Si bien en República Dominicana no tenemos un elemento equivalente a un contrato de inversión bajo nuestra definición de “valor”, el razonamiento bajo Howey es relevante para mejor entender nuestro concepto de “valor”. Como se dijo anteriormente, un “valor” se refiere a un derecho de contenido esencialmente económico que existe por su propia cuenta y tiene un titular. En otras palabras, la Ley 249-17 prioriza la sustancia sobre la forma en aras de proteger a los inversionistas sin dicha misión verse mermada por consideraciones formulistas. Si vemos los hechos de Howey bajo la Ley 249-17 igualmente estaríamos ante un valor (previsto que se cumpla por otro lado con el elemento de “oferta pública”) pues se tiene un conjunto de derechos esencialmente económicos consistentes en la venta, combinada con el arrendamiento y el cultivo (un elemento de servicio) de los tractos con mira a la venta de los frutos, que de manera combinada constituye una serie de derechos autónomos dentro de un caparazón económico que pueden ser ejercitados por su titular. Visto de otra forma, si los promotores en Howey hubiesen incorporado una sociedad y ofertado sus acciones públicamente en lugar de estructurar el negocio a través de los diferentes contratos, este esquema hubiese sido indudablemente una oferta pública sujeta a la regulación bursátil. Conversamente, estructurar ese negocio de forma alternativa para que no parezca un “valor” igualmente torna aplicable la regulación bursátil si el elemento de oferta pública se cumple.

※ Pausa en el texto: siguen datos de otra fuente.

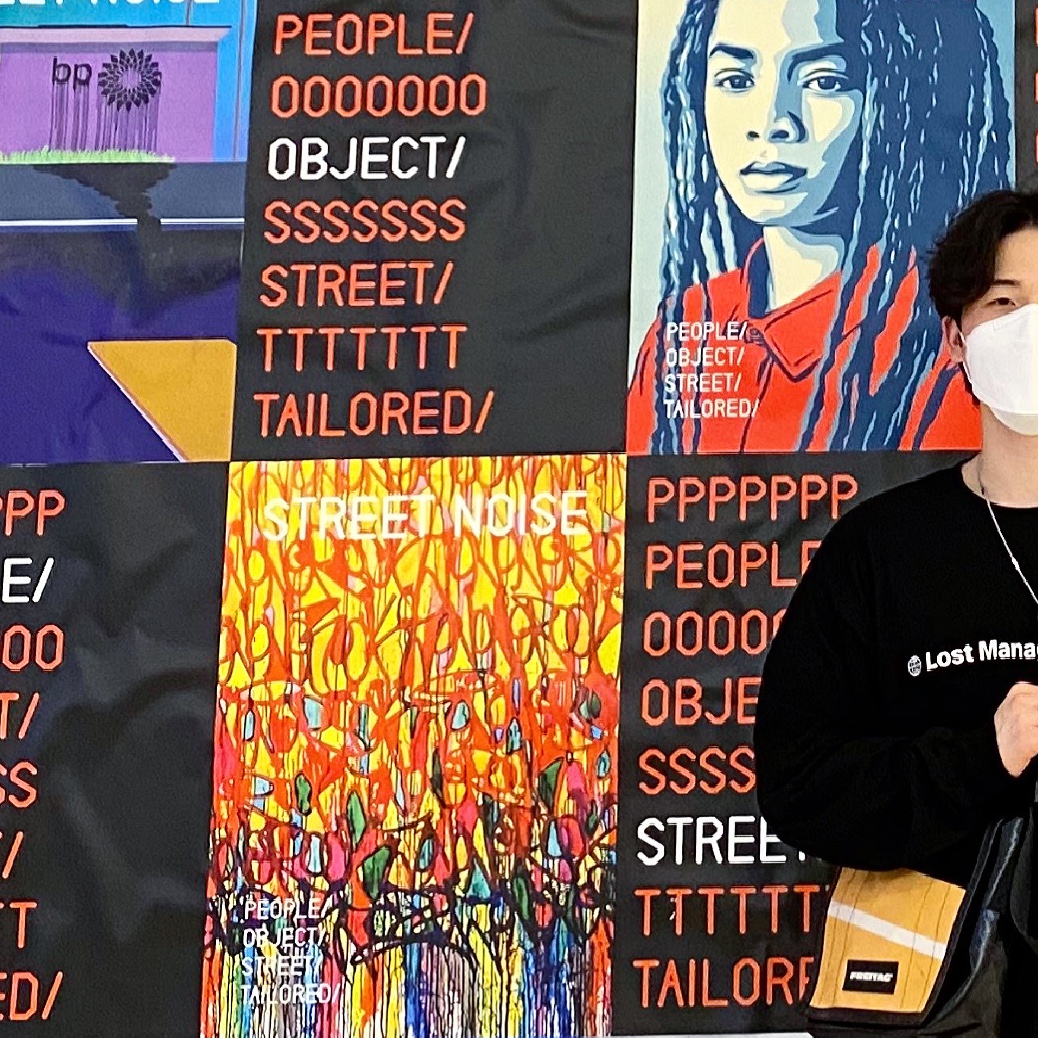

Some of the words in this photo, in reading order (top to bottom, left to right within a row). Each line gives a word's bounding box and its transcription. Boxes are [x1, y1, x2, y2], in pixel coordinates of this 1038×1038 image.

[275, 12, 474, 55] PEOPLE/
[52, 55, 92, 91] bp
[268, 136, 466, 181] OBJECT/
[264, 200, 467, 243] SSSSSSS
[260, 261, 453, 307] STREET/
[257, 325, 468, 371] TTTTTTT
[666, 321, 748, 342] PEOPLE/
[666, 346, 745, 367] OBJECT/
[664, 372, 742, 393] STREET/
[253, 390, 494, 437] TAILORED/
[663, 398, 760, 419] TAILORED/
[263, 494, 435, 541] STREET
[454, 490, 588, 537] NOISE
[647, 474, 858, 523] PPPPPPP
[643, 609, 787, 657] OOOO
[926, 643, 974, 672] Lost
[637, 815, 806, 866] STREE
[244, 898, 333, 920] PEOPLE/
[634, 885, 829, 936] TTTTTT

La moraleja de Howey es que la sustancia siempre le ganará a la forma en la regulación bursátil. En el día a día se ven muchos valores diferentes a acciones o bonos que constituyen igualmente valores por sus características y requieren su debido registro y autorización por ante la SIMV. La SIMV actúa correcta y prudentemente cuando llama la atención a estas ofertas pues cumple con su mandato legal y de orden público de velar por el público inversionista que ciertamente puede resultar víctima de formulismos legales que procuran esquivar la regulación. En definitiva, si algo camina como un pato, suena como un pato y parece un pato, es un pato.